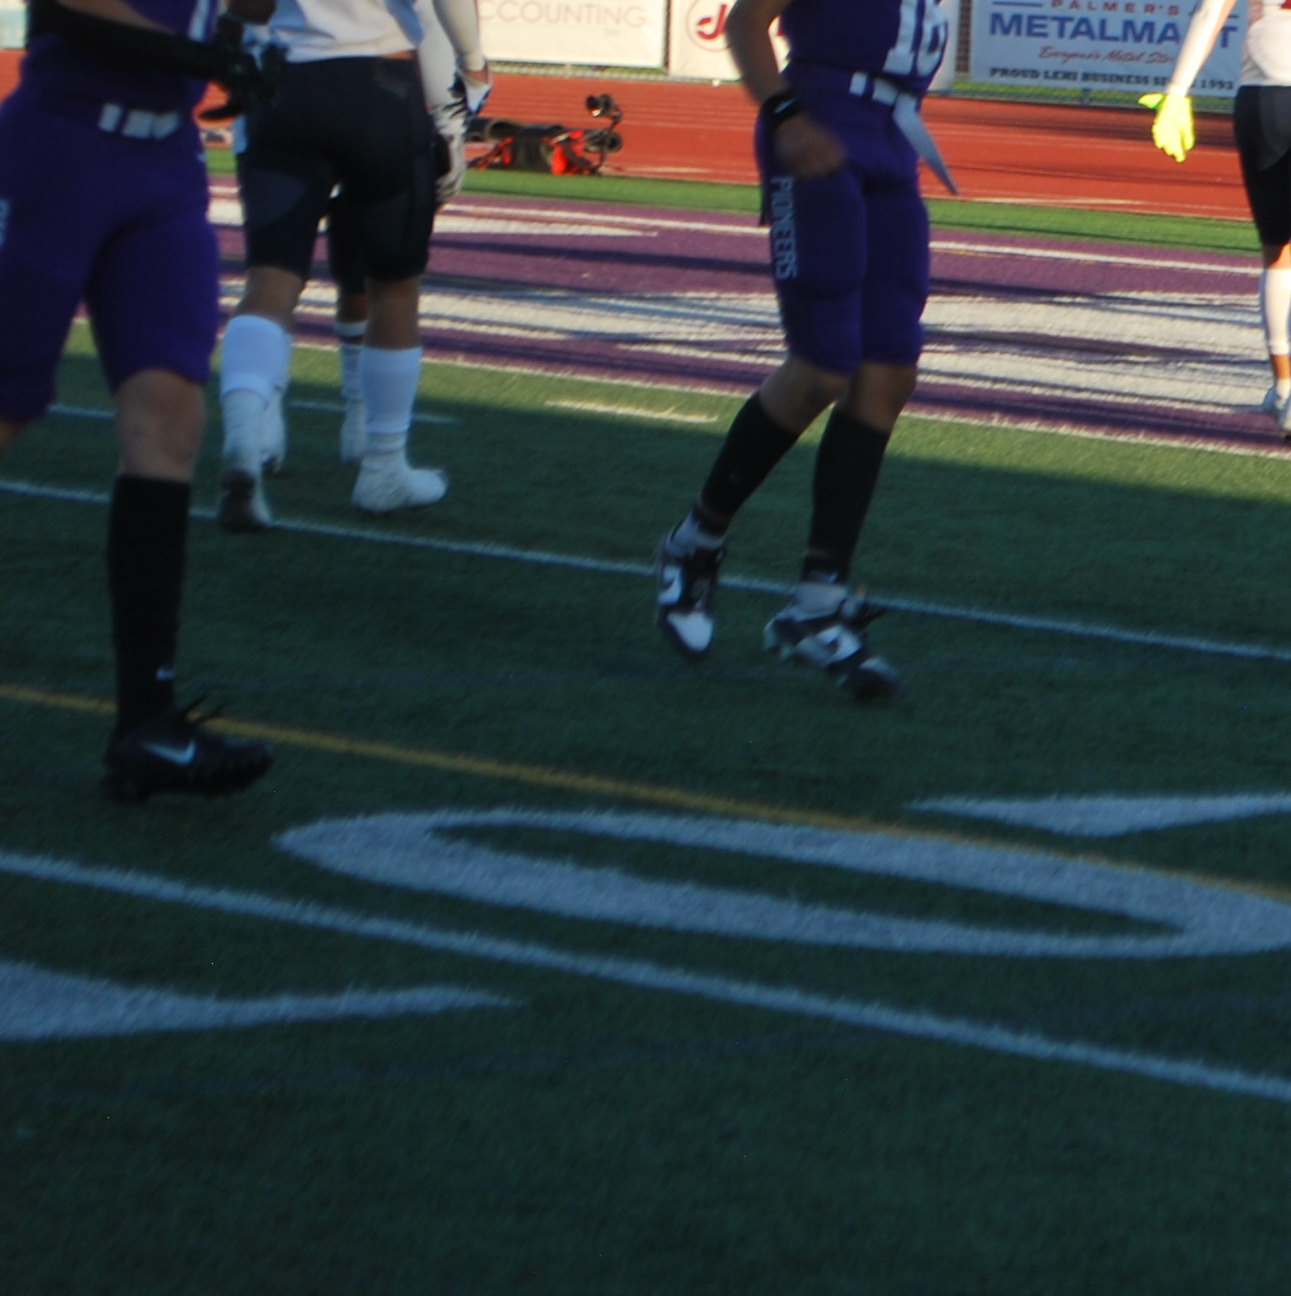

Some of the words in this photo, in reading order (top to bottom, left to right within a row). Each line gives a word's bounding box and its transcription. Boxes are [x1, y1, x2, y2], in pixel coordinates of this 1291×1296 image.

[477, 0, 646, 28] CCOUNTING
[989, 12, 1238, 48] METALMAT
[989, 67, 1041, 80] PROUD
[1043, 70, 1078, 82] LEHI
[1081, 72, 1150, 87] BUSINESS
[1200, 78, 1235, 91] 1993
[770, 176, 798, 279] PIONEERS
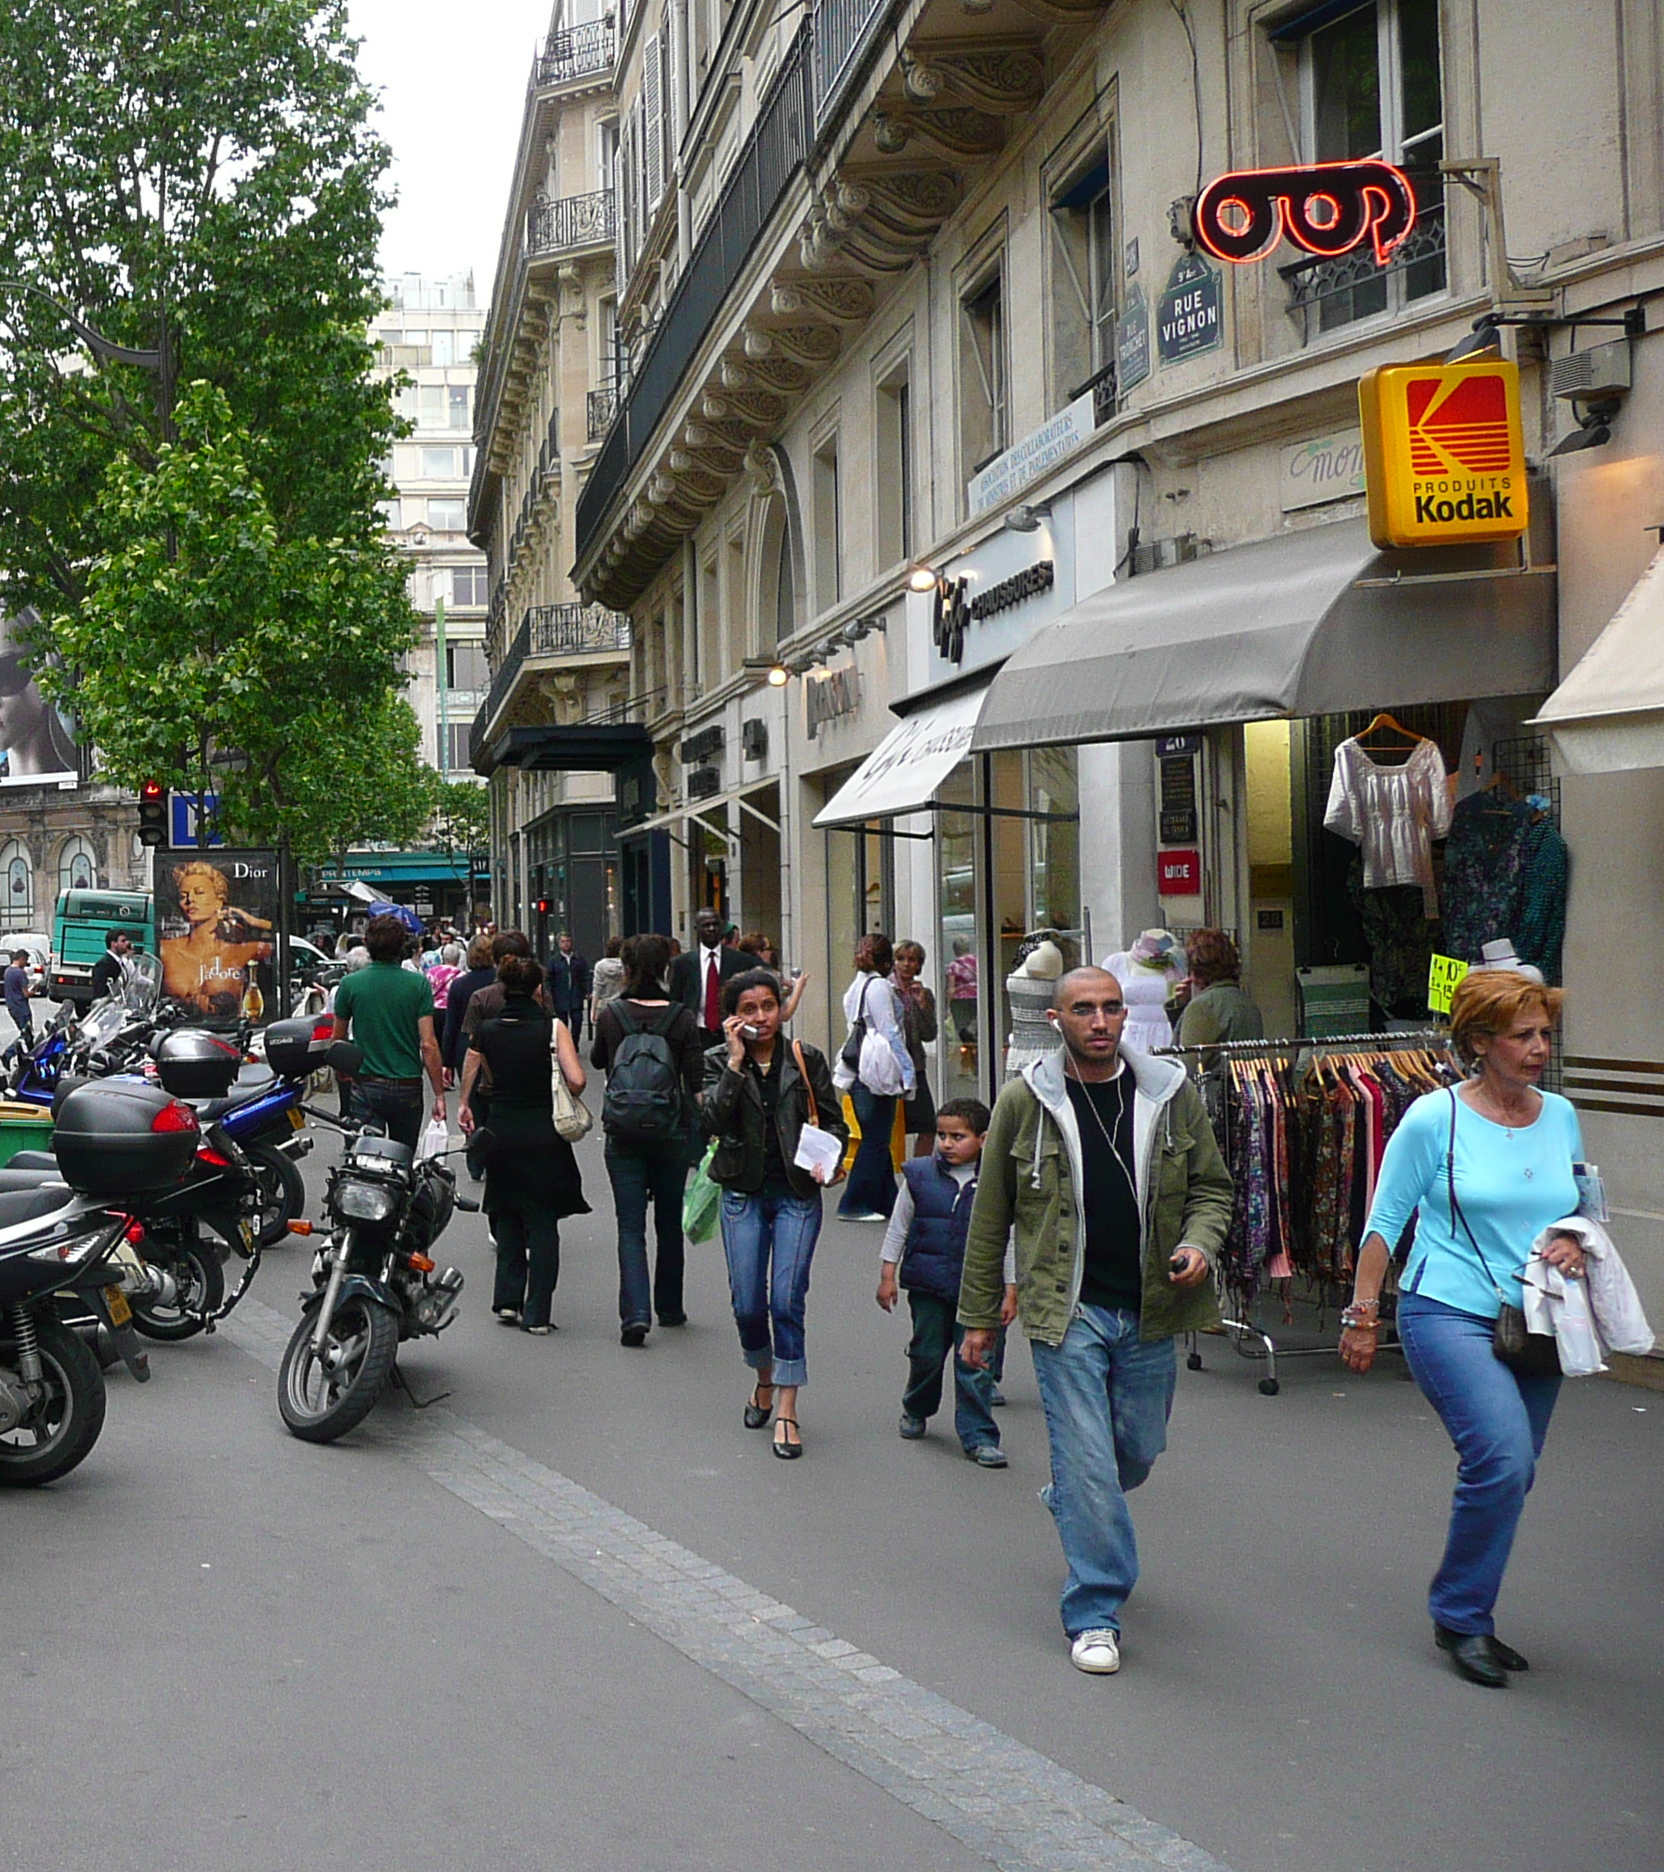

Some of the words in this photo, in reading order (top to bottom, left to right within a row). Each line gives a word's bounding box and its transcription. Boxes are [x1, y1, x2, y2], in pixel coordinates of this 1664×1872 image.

[1174, 290, 1202, 317] RUE
[1162, 305, 1216, 341] VIGNON
[1413, 477, 1511, 494] PRODUITS
[1415, 491, 1514, 524] Kodak
[971, 559, 1054, 623] CHAUSSURES
[234, 862, 268, 879] Dior
[1164, 864, 1190, 879] WIDE
......
Give back exactly the lines running from the line containing "this 1664×1872 image." through the end of the material above, both included, and nothing beyond them.

Your solution:
Some of the words in this photo, in reading order (top to bottom, left to right within a row). Each line gives a word's bounding box and its transcription. Boxes are [x1, y1, x2, y2], in pixel coordinates of this 1664×1872 image.

[1174, 290, 1202, 317] RUE
[1162, 305, 1216, 341] VIGNON
[1413, 477, 1511, 494] PRODUITS
[1415, 491, 1514, 524] Kodak
[971, 559, 1054, 623] CHAUSSURES
[234, 862, 268, 879] Dior
[1164, 864, 1190, 879] WIDE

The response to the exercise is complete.